YOUR ASSIGNMENT: Reproduce every line of the material below exactly. No pictures belong in the copy.

DATA TO PROCESS:
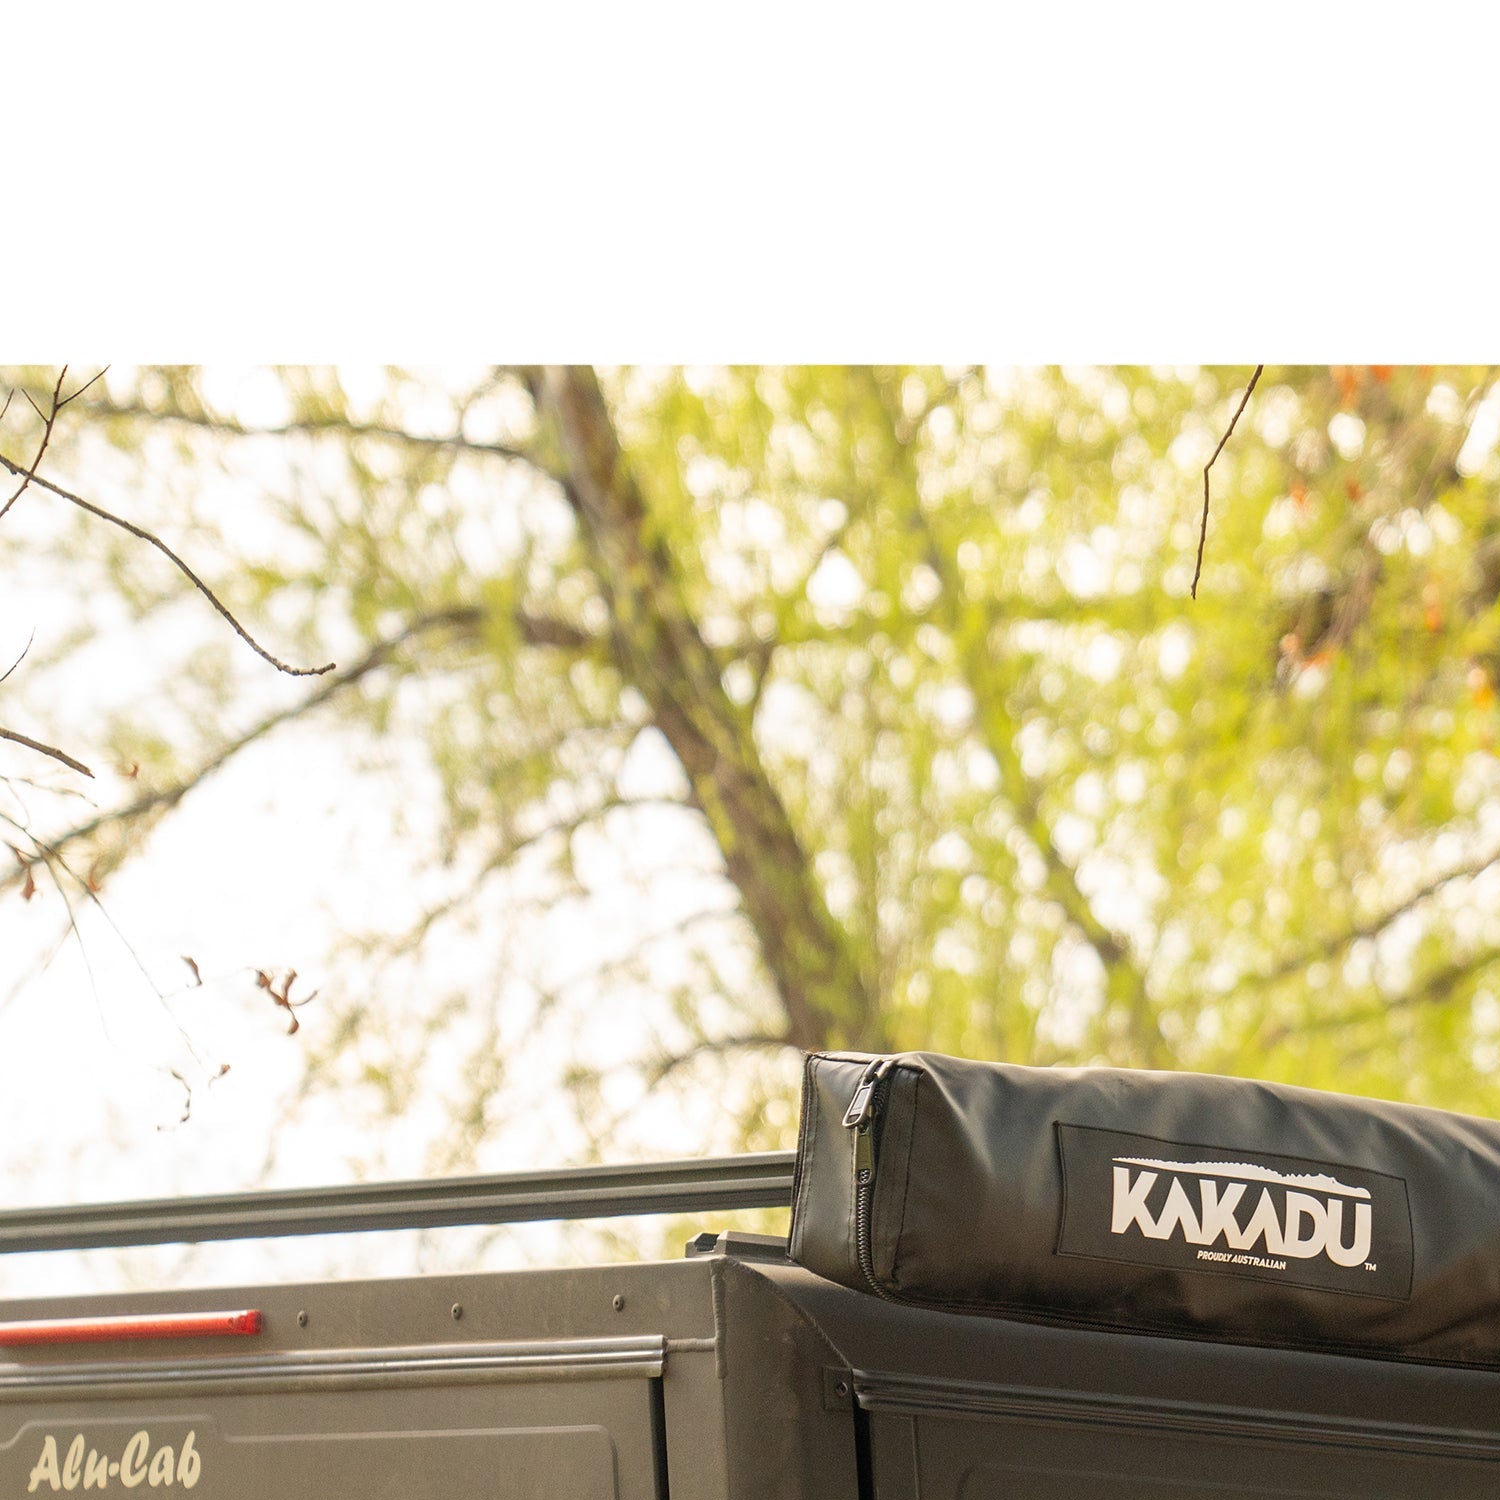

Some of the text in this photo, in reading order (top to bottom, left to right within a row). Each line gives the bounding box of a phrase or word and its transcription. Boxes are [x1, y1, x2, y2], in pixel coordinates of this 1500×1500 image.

[1111, 1166, 1372, 1267] KAKADU
[1197, 1250, 1287, 1270] PROUDLY AUSTRALIAN
[27, 1430, 201, 1493] Alu-Cab
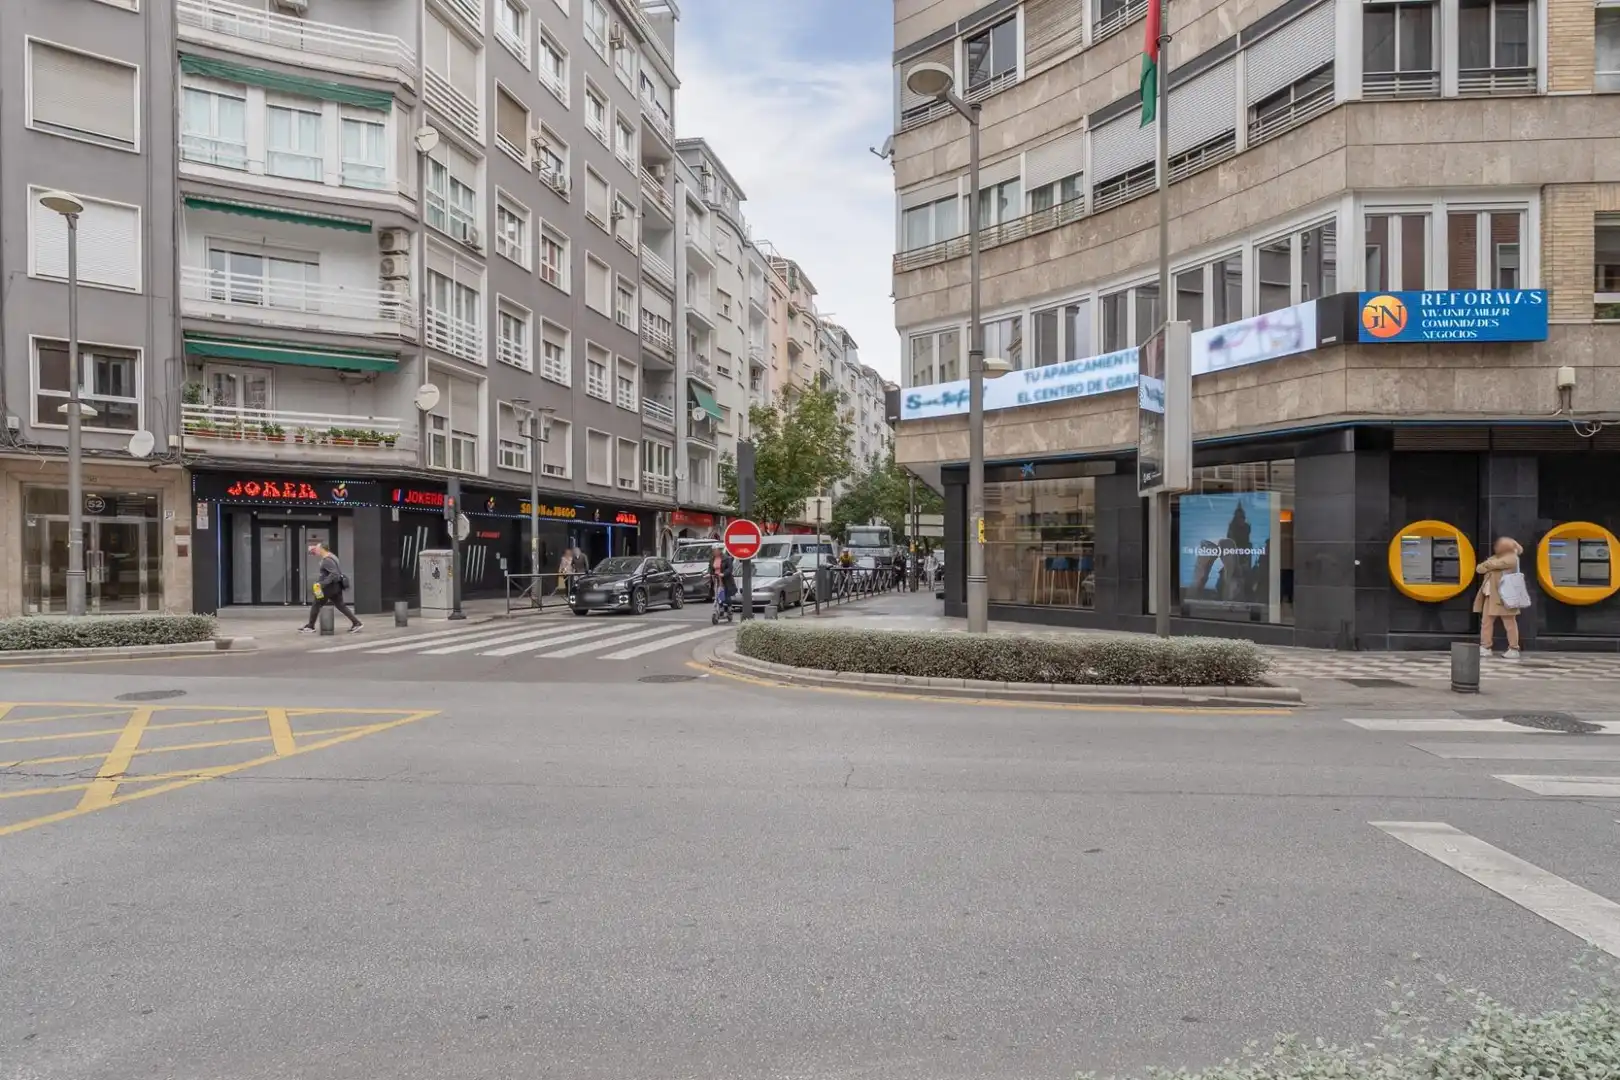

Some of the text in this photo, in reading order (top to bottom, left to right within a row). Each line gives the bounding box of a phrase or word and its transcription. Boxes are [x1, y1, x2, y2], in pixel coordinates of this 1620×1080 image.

ANSWER TO THIS EXERCISE:
Some of the text in this photo, in reading order (top to bottom, left to right within a row). Each line gives the bounding box of a phrase or word and its transcription. Boxes are [x1, y1, x2, y2], in pixel coordinates of this 1500×1500 image.

[1111, 1166, 1372, 1267] KAKADU
[1197, 1250, 1287, 1270] PROUDLY AUSTRALIAN
[27, 1430, 201, 1493] Alu-Cab

Some of the text in this photo, in reading order (top to bottom, left to right within a row). Each line gives the bounding box of a phrase or word and its transcription. Boxes are [x1, y1, x2, y2], in pixel coordinates of this 1620×1080 image.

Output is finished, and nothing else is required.